May I make a suggestion?
I’ve encouraged you to consider goals for your family, to think about what you want to see in the lives of your children when they leave your home. Hopefully it’s something beyond ‘get a college degree in a field that pays well and has a good future.’ I hope you’ve thought of things relating to your children’s character and spiritual life, as well as your family relationships and home life.
I want to propose some possible goals for your consideration – just to get you started thinking. The first one I’d like to propose is that you work toward a peaceful home environment where your kids actually do what you ask without whining, kicking, screaming, pouting, or otherwise making everyone around them miserable.
Sound impossible? It’s not. Despite the fact that you may never have seen it, it is possible to tell your child to do something and have them do it – even a little one like a toddler – without all the noise, commotion, and drama you’re probably used to seeing. It is possible to teach children polite behavior that is respectful to those around them and is pleasant to be around – to wait their turn, not to grab another child’s toys, to be quiet for a short period of time when necessary, the list goes on in ways that might astound you!
If you’re the parent of young children, you’ve probably been told that you simply have to endure these young years, somehow appreciate them because they go by so quickly, and at the same time delight in the ‘antics’ of these little humans as they seek to impose their will on everyone and everything around them.
I suggest that you at least entertain the idea that it is possible to enjoy rather than merely endure your children. Even if you’re certain that it is not, just dream with me for a moment.

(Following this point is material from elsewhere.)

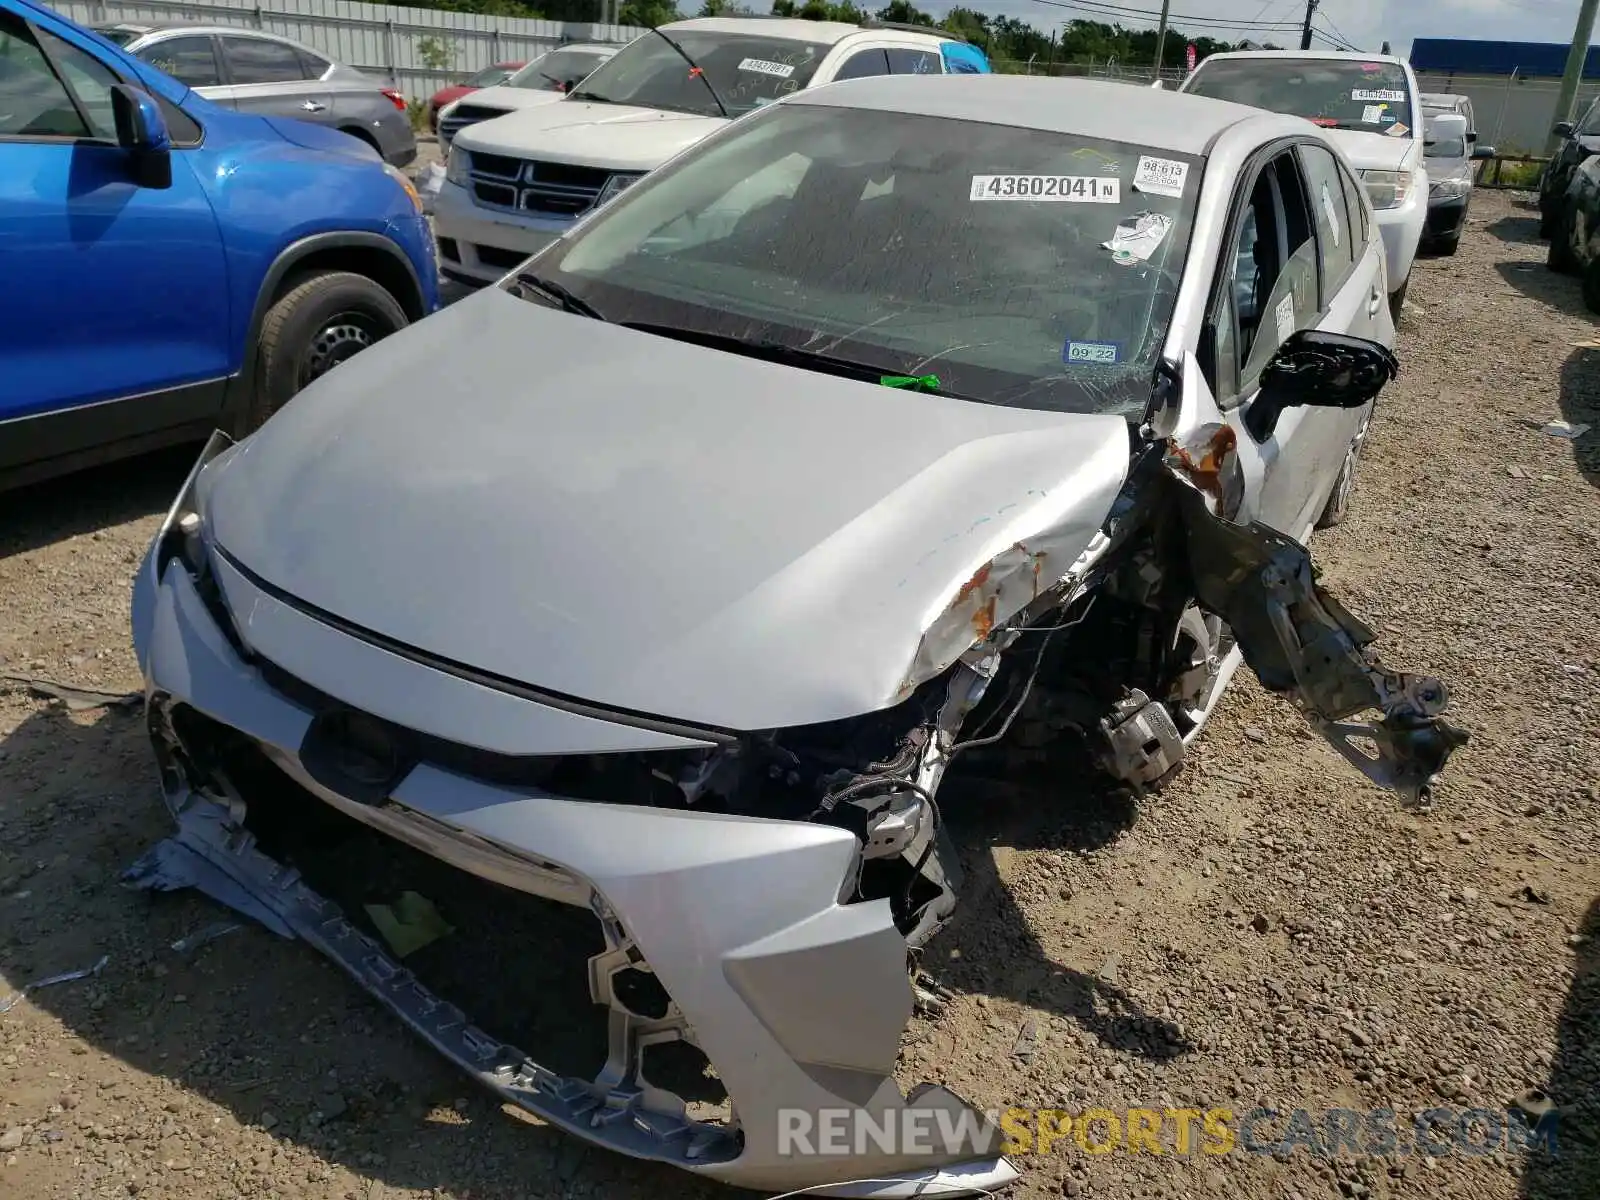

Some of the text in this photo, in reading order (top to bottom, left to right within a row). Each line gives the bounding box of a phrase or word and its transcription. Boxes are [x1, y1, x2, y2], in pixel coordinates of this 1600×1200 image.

[988, 177, 1097, 197] 43602041
[1103, 185, 1113, 196] N
[1072, 348, 1113, 359] 09 22
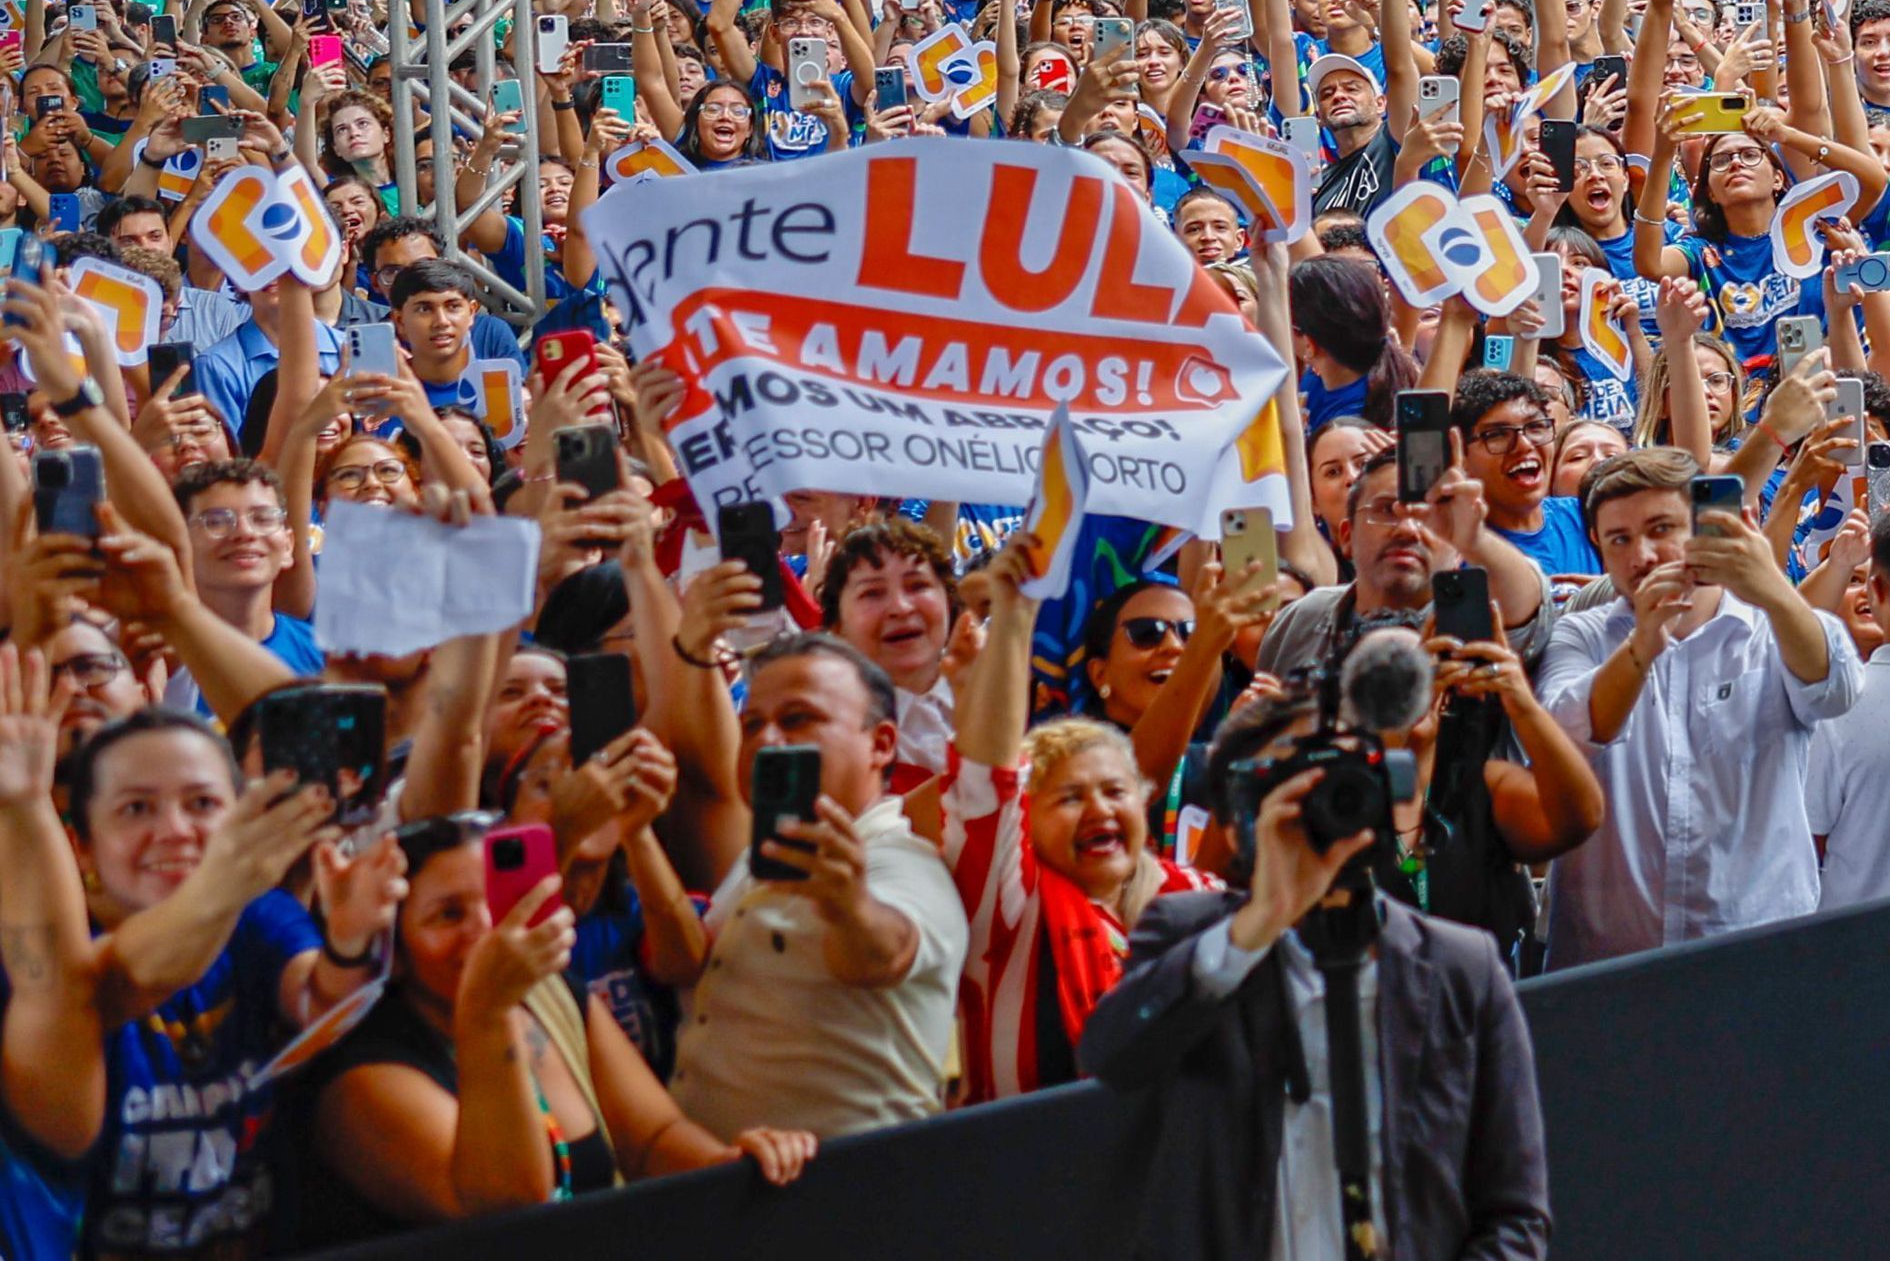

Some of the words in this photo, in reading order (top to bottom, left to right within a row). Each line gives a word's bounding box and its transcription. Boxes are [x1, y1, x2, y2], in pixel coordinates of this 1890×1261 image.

What if you could say to your toddler, “Johnny, sit on your bottom – don’t stand in your chair please,” and he did it? What if you could say “Suzie, we’re going to leave in a few minutes, I need you to pick up your blocks,” and she did it without a fuss? What if you could say to your six year old, “Robert, please come sit down, dinner is ready,” and he didn’t ignore you and continue with what he preferred to be doing? What would it be like to go to the store and not dread the check out line or the aisle where you know there is something your child wants?

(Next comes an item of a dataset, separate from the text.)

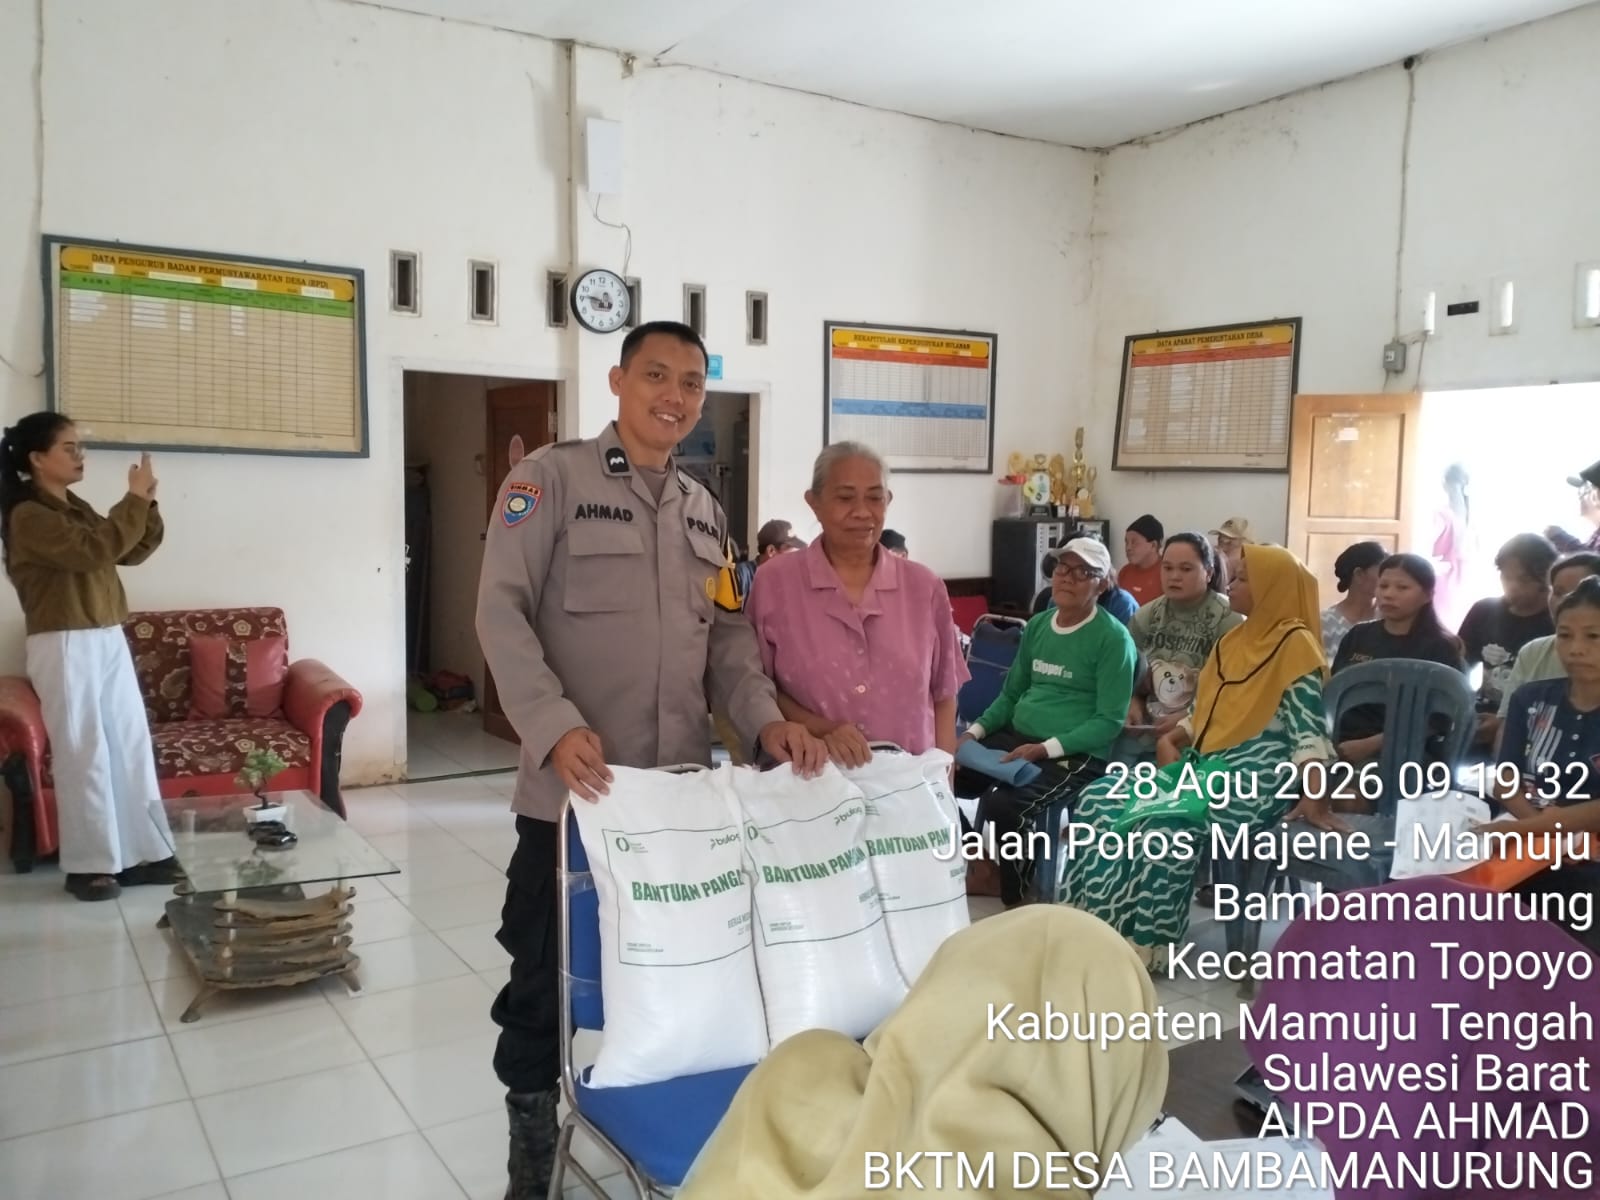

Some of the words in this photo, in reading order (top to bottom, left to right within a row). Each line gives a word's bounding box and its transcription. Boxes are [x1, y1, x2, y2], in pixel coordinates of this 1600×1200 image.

Perhaps it would help to think of it this way: what if your child responded according to your instructions even if it was something they didn’t want to do? Most kids will go along with you without a fuss, as long as they’re happy about what you’re asking them to do. Big deal. Life (even the life of a child) is more often full of opportunities to do things we’re not really crazy about.

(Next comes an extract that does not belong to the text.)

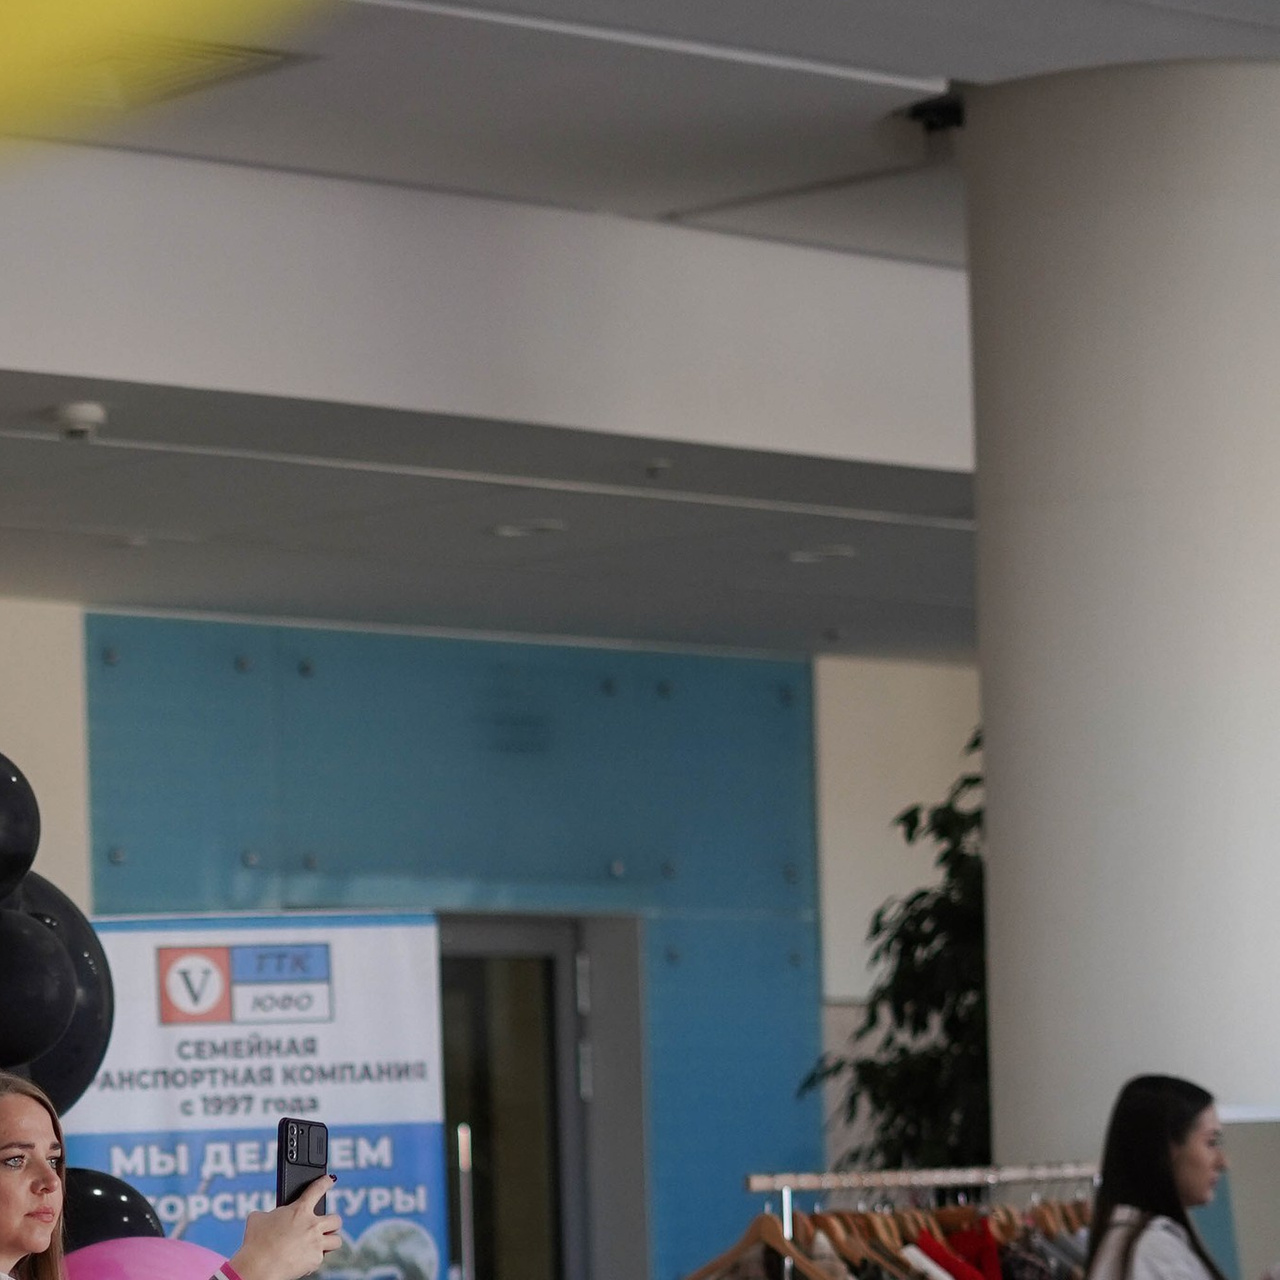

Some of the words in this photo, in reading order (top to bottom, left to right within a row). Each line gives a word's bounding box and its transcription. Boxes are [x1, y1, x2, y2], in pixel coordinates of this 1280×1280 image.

The question I’m asking you to consider is whether you’d like it if your children responded well when you ask them to do something they don’t want to do. Might you find that your home was more peaceful, and a place you and the rest of the family actually enjoyed?
Let’s talk about this honestly. I’m not suggesting that our children will always behave perfectly. They’re children, for one thing, and human for another. They’re born with the tendency to want their own way over anyone else’s. If you’re a follower of Christ, you recognize this as our sin nature. It’s part of life. Neither am I suggesting that you must adopt my standards for acceptable behavior. I’m suggesting that you adopt some standards for behavior that make life in your house (or others’ homes when you bring your kids there!) pleasant.
So ask yourself, if you had a choice, would you rather have your children act in a way that is pleasing to be around or not pleasing to be around?
If you said you’d rather they be enjoyable company, but you’re quite certain that there is absolutely NO WAY your kids could ever behave any better because you’ve ‘tried everything’ and nothing works, hang with me for a while.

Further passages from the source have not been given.